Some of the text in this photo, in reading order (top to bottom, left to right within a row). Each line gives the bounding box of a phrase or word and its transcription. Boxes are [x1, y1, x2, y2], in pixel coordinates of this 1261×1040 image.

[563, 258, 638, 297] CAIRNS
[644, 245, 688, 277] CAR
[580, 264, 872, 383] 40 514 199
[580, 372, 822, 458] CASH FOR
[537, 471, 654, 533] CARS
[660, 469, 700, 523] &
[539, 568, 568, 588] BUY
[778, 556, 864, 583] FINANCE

• • • • •

Exercise brief >>
Word for word, copy out all of the data shown above.

Finished exercise >>
Some of the text in this photo, in reading order (top to bottom, left to right within a row). Each line gives the bounding box of a phrase or word and its transcription. Boxes are [x1, y1, x2, y2], in pixel coordinates of this 1261×1040 image.

[563, 258, 638, 297] CAIRNS
[644, 245, 688, 277] CAR
[580, 264, 872, 383] 40 514 199
[580, 372, 822, 458] CASH FOR
[537, 471, 654, 533] CARS
[660, 469, 700, 523] &
[539, 568, 568, 588] BUY
[778, 556, 864, 583] FINANCE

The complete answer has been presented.